Pak Suzuki will surly post their 100% profit increment for FY 2019-2020,
While the rest of automotive industry is cutting down production:
High-end taxes were being imposed and now you might have come across sky high prices of cars in auto industry of Pakistan.
According to BR correspondent, Honda Atlas assembler and manufacture of Honda cars in Pakistan has plan to cut down its annual production target from 50,000 cars to 30,000 cars due to the current economic situation and expectation of lower sales for year 2019-20.
Due to lower production target, Honda Atlas may also layoffs considerable number of labor force from its firm where most of the employees are from manufacturing department.
In addition to Honda Atlas, Indus motors which is another car assembler of Toyota cars in Pakistan may reduce its production by 25% as per industry source, giving a huge set back to auto sector of Pakistan. It has also been said by the market sources that these companies are trying to become more technology intensive and less labor intensive.
The rupee witnessed massive depreciation against the US dollar, which then led to the existing carmakers raising their prices on multiple occasions to pass the impact of increased cost on to the consumers.
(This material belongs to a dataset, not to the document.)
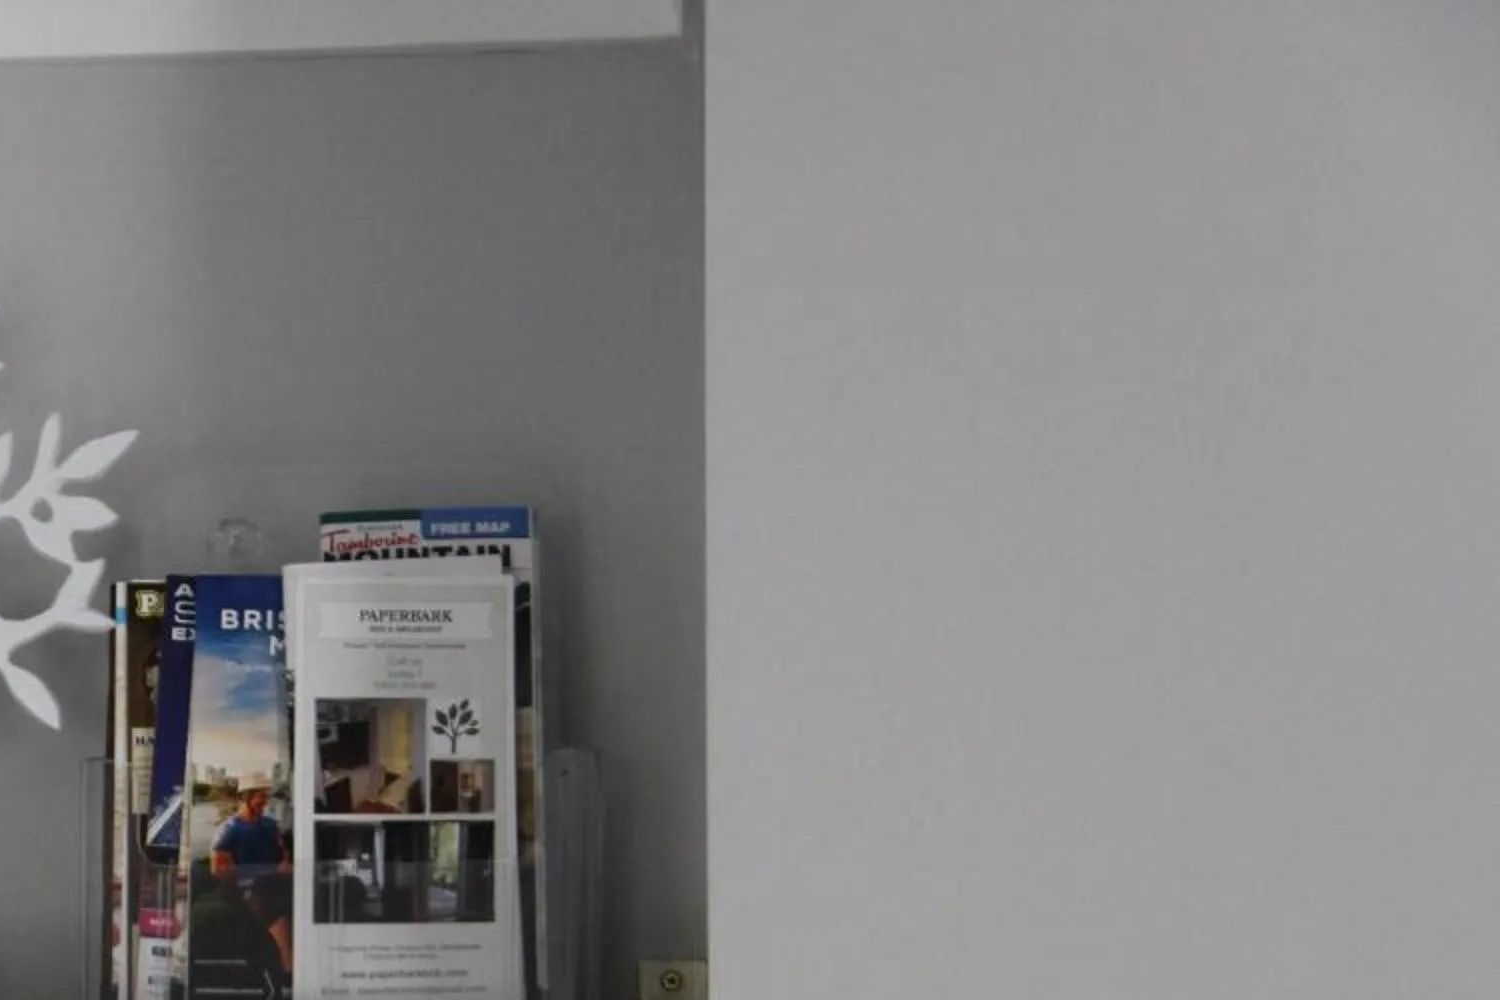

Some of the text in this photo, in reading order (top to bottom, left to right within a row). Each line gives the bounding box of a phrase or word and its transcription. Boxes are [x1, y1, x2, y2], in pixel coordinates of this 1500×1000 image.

[430, 520, 511, 536] FREE MAP
[358, 609, 453, 623] PAPERBARK
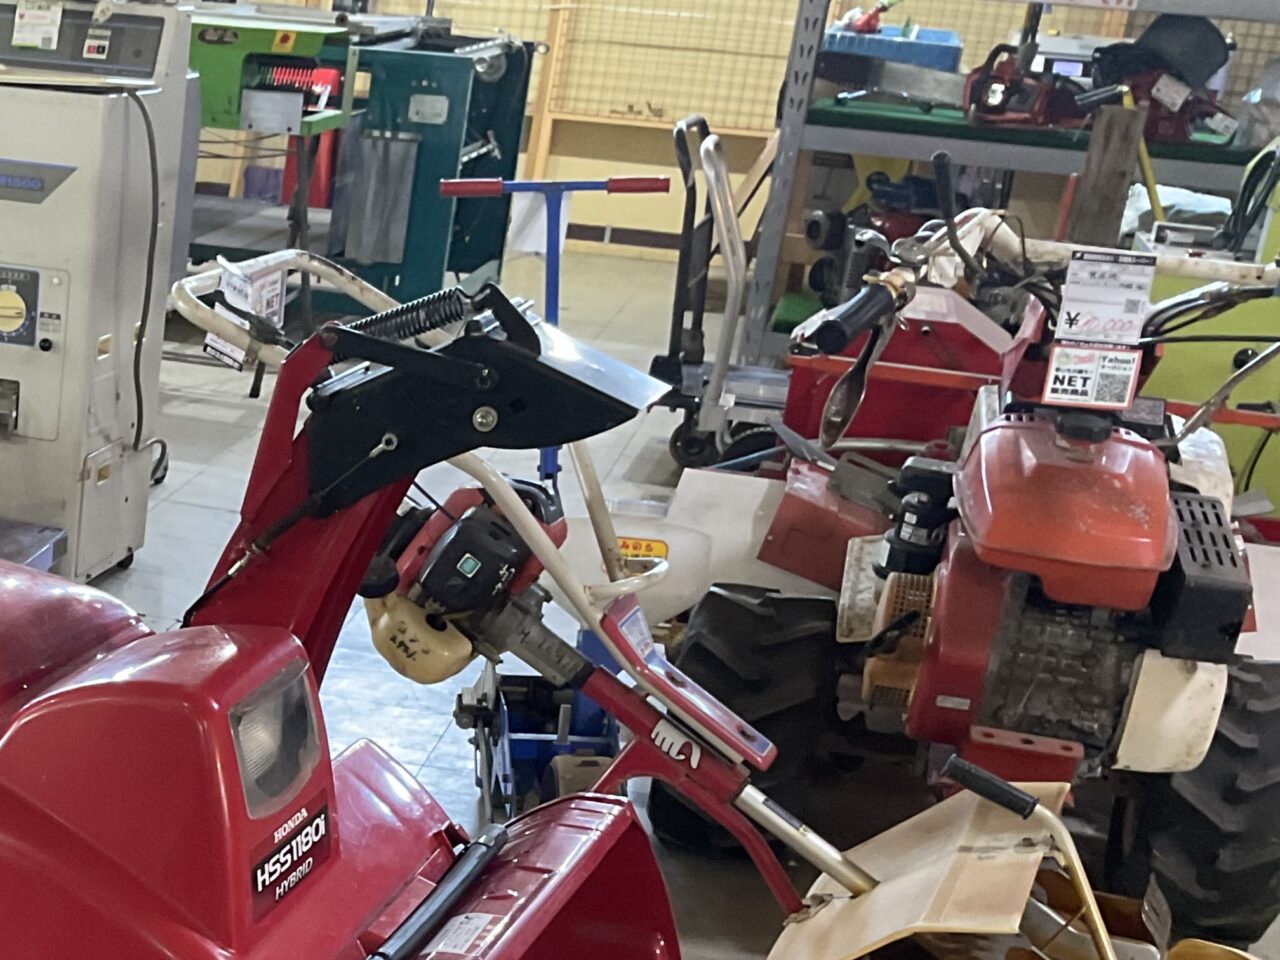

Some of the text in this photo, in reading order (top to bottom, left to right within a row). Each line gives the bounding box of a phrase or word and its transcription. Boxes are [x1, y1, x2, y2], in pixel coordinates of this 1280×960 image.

In the light of budget announcement for the fiscal year 2019-20, high Federal Excise Duties (FED) were presented to be imposed on local assembled different car types:
• 2.5% FED to be imposed on cars up to 1000cc engine displacement; whereas previously there was 0% FED on this engine capacity
• 5% FED to be imposed on cars between 1001cc and 2000cc engine displacement, while the previous FED was 0%.